As I sat down to write this blog in mid-November, I wondered if an update on our governance progress was the right thing to post right now, when hearts and minds are brimming with holidays and an uncertain future.  Our community continues to come together with hands held and tears shared in Sunday services.  In November we stood and clapped to display our solidarity in being right here, in the United States, at this time, as a community that is already practicing with each other the accepting message we could share with the country.  And I think – we have big work to do.  Let’s get this organizing stuff done to smooth the path for what’s ahead.  To that end, the Governance Task Force is striving to support our mission and channel our energy in our governance work.

Recent Progress

  • Last April, the Board confirmed our Vision of Governance, a statement that is guiding the detailed tasks of writing our future policies.  Participants in the summer book group thought it was a great statement, and encouraged us to share it more widely.  Here is a link.
  • Over the summer, we conducted a book discussion group on Ministry and Governance by Dan Hotchkiss.  We continue to follow the guidance of the book, other congregations of our size, and the advice of leaders in our church and beyond.
  • In September, we affirmed that we are indeed pursuing a policy based governance approach, though not the Carver model.  
  • In September and October, the Governance Task Force has been working with the Board.  We have presented several open questions for discussion around the topics of board role, size, officers, and member election.  While we discuss, we are keeping in mind the potential that bylaw changes may be required.
  • In October, Gretchen joined our team, adding her knowledge of the workings of our church, and experience in administration, to our deliberation.
  • November continued iterative discussions with the Board on topics of committees, delegation, and work products.

Coming Up

  • During December, we will continue to ask the Board questions that guide our writing process.
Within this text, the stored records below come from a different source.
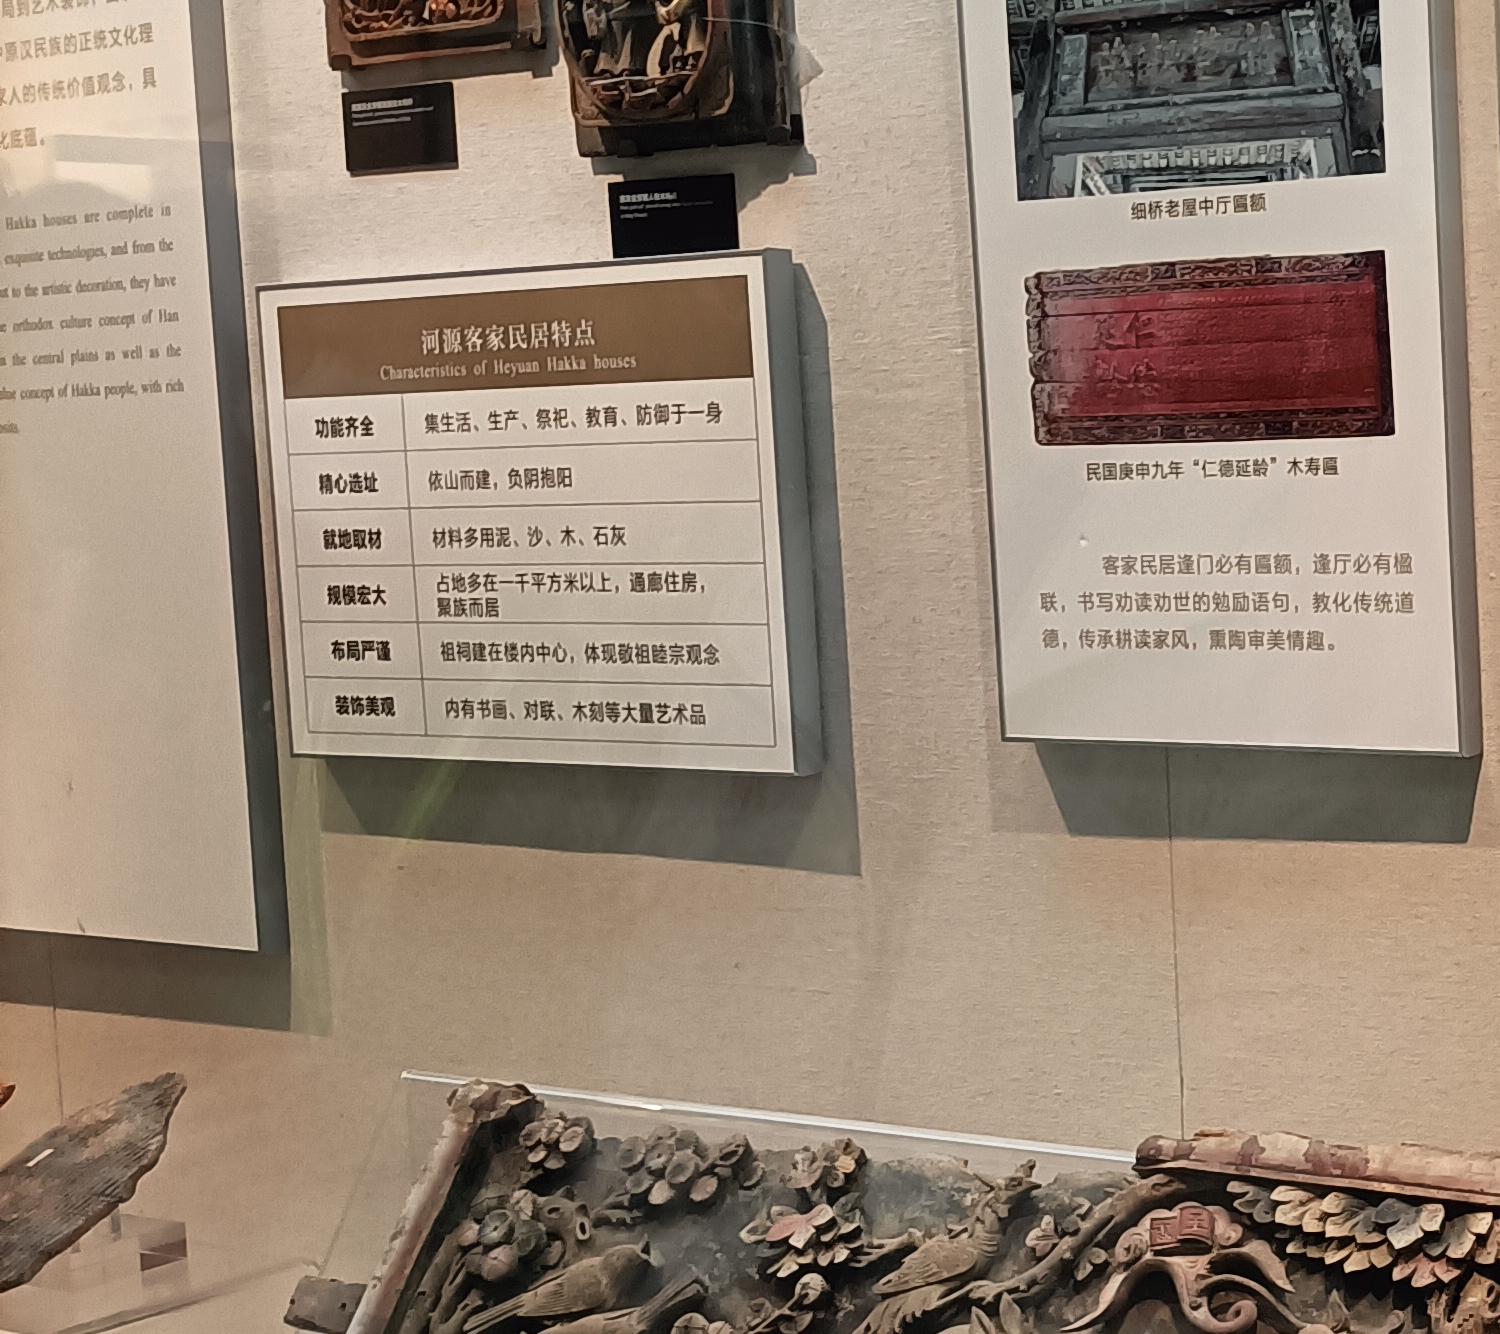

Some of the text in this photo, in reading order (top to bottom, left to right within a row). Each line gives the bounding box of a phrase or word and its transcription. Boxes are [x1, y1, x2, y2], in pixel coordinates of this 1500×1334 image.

[0, 22, 154, 62] 原汉民族的正统文化理
[106, 204, 153, 224] complete
[1130, 192, 1267, 221] 细桥老屋中厅匾额
[421, 319, 597, 355] 河源客家民居特点
[379, 354, 637, 381] Characteristics of Heyuan Hakka houses
[314, 415, 375, 439] 功能齐全
[424, 400, 723, 435] 集生活、生产、祭祀、教育、防御于一身
[318, 471, 379, 495] 精心选址
[428, 466, 573, 492] 依山而建，负阴抱阳
[322, 528, 382, 551] 就地取材
[432, 524, 627, 549] 材料多用泥、沙、木、石灰
[1101, 552, 1414, 576] 客家民居逢门必有匾额，逢厅必有楹
[436, 570, 705, 594] 占地多在一千平方米以上，通廊住房，
[326, 584, 387, 606] 规模宏大
[1039, 590, 1415, 614] 联，书写劝读劝世的勉励语句，教化传统道
[436, 597, 500, 618] 聚族而居
[330, 639, 392, 662] 布局严谨
[1041, 628, 1337, 652] 德，传承耕读家风，熏陶审美情趣。
[439, 641, 720, 666] 祖祠建在楼内中心，体现敬祖睦宗观念
[334, 694, 396, 717] 装饰美观
[444, 698, 707, 725] 内有书画、对联、木刻等大量艺术品
Topics coming up include Oversight and Guidance.
  • Also during December, we will be connecting with the leaders of several of our current teams and committees, to understand where they are in reviewing their charter and procedures, and to ensure we are blending our expectations. Teams we plan to get in touch with include Nominating Committee, Personnel Committee and Staff, and Finance.
  • In January, we plan to hold a Congregational Discussion session on the items that have been affirmed by the Board.  This will be an ideal place for those interested in the details of governance to see policies so far and ask questions.
  • Also in January, we plan to drop in on small groups in the church with quick info to keep everyone updated.
  • All of our work through the spring will target having major decisions made and ready for a trial period during our 2017-2018 church year.  We will present that plan at our congregational meeting in May.
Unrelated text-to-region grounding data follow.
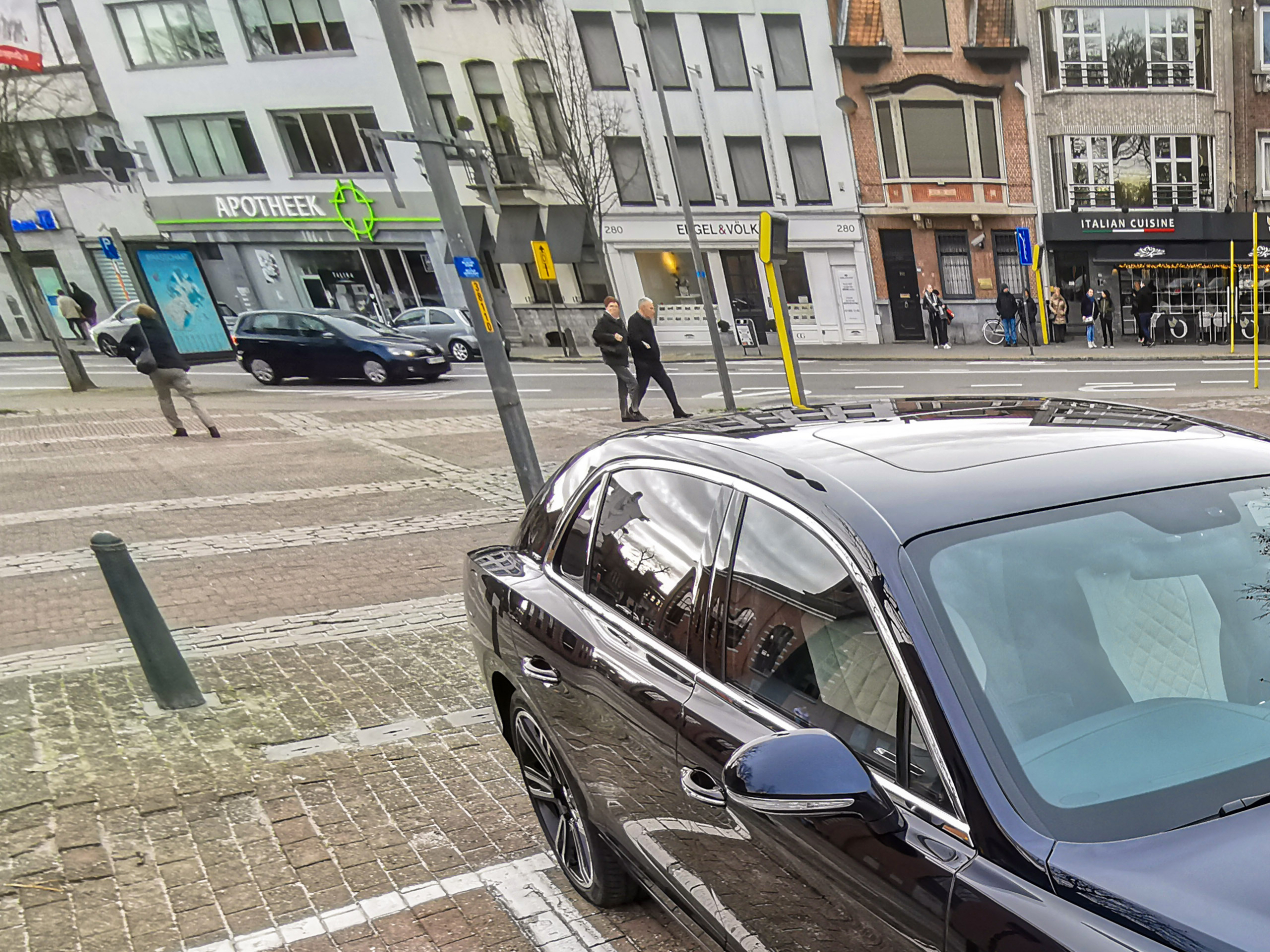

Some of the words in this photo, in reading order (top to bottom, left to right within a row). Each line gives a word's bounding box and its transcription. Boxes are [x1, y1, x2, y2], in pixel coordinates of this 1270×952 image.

[215, 195, 326, 217] APOTHEEK
[836, 224, 855, 233] 280
[1081, 218, 1125, 229] ITALIAN
[1130, 218, 1175, 228] CUISINE
[604, 225, 623, 235] 280
[473, 282, 492, 332] 38110
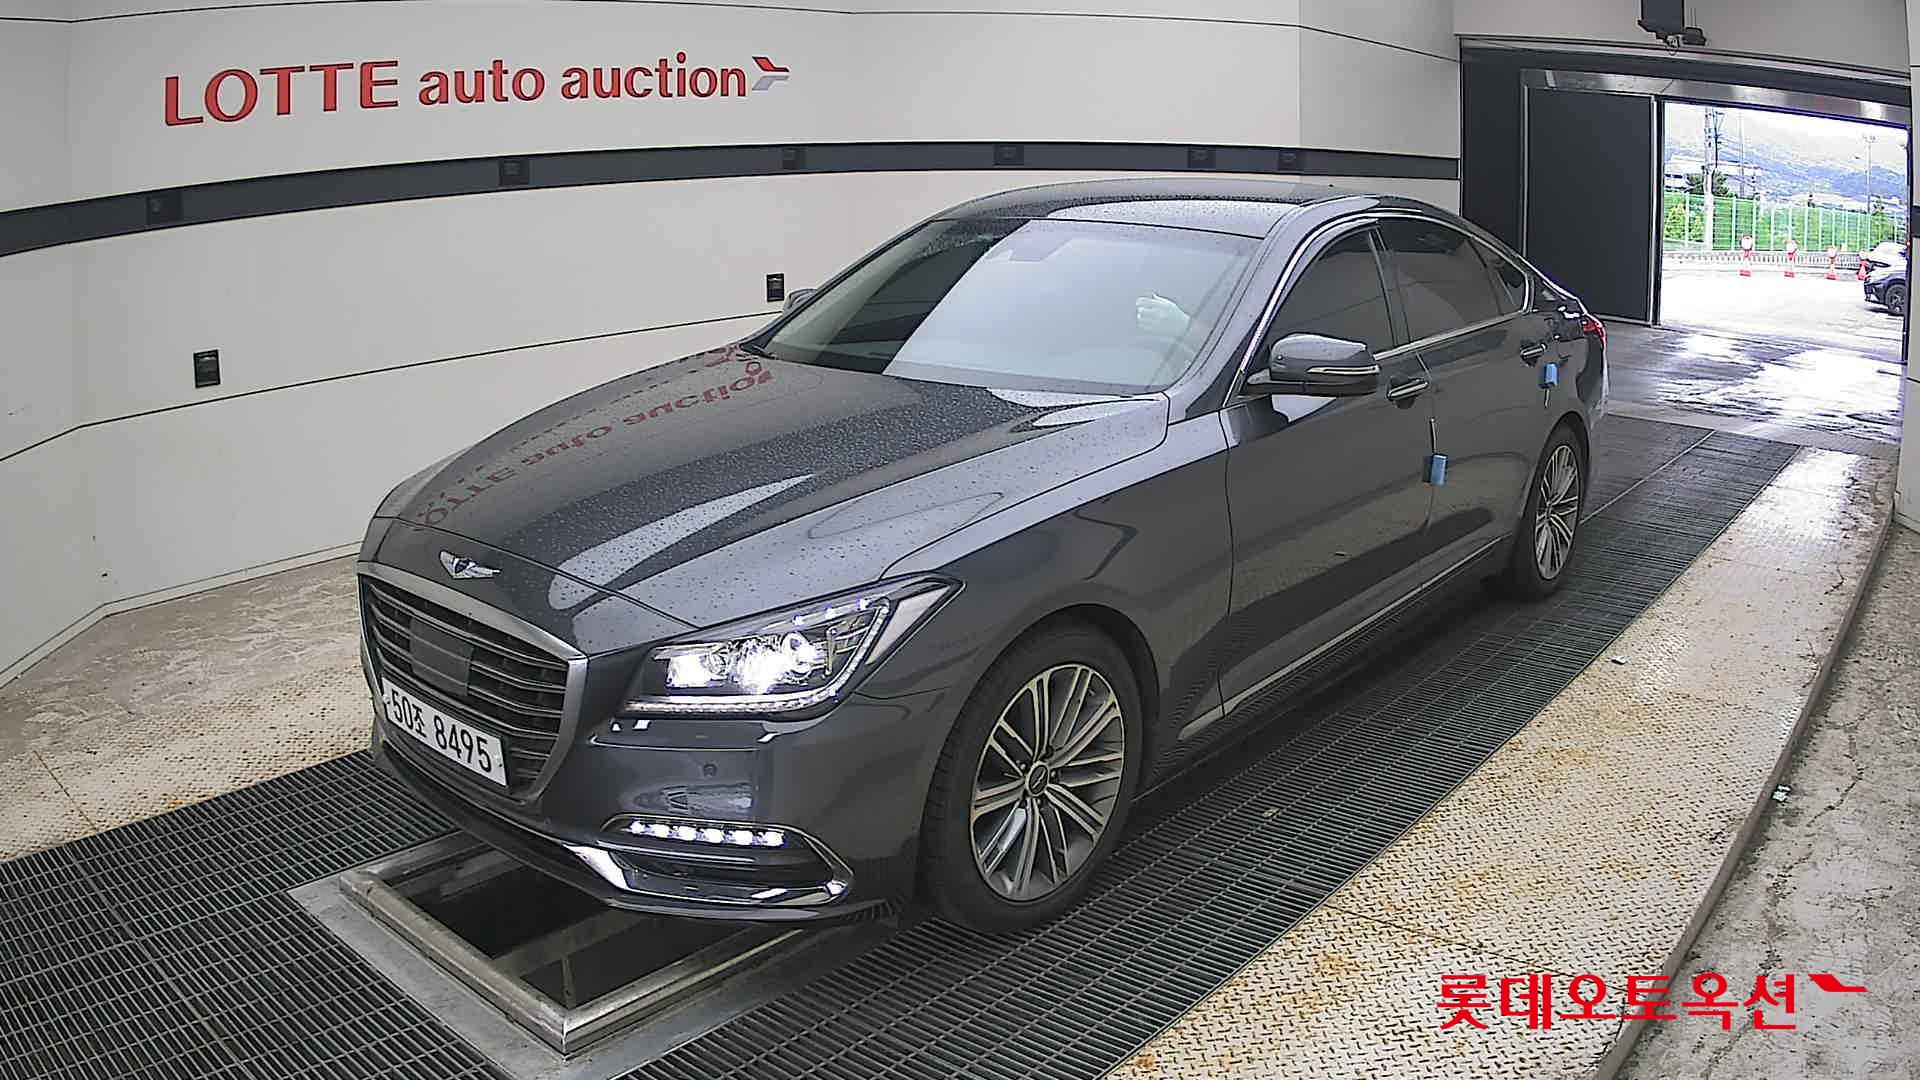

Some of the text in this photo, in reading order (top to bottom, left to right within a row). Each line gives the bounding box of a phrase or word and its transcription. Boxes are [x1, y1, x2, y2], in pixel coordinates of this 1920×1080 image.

[164, 50, 747, 127] LOTTE auto auction
[391, 687, 493, 774] 50조 8495
A reward from this work so far is to see the convergence of ideas.  Careful study and thoughtful decisions are aligning with current good practices.  Thankfully, some things can be easy and make sense.  🙂

May you all enjoy having some things fall into place as well, and enjoy a safe and blessed holiday season.

In Community,

Jody Anderson

Chair, Governance Task Force

Third Service Experiment, from Board of Trustees Member, Gale Whitman

“Welcome to Foothills; sorry we don’t have any seats left!”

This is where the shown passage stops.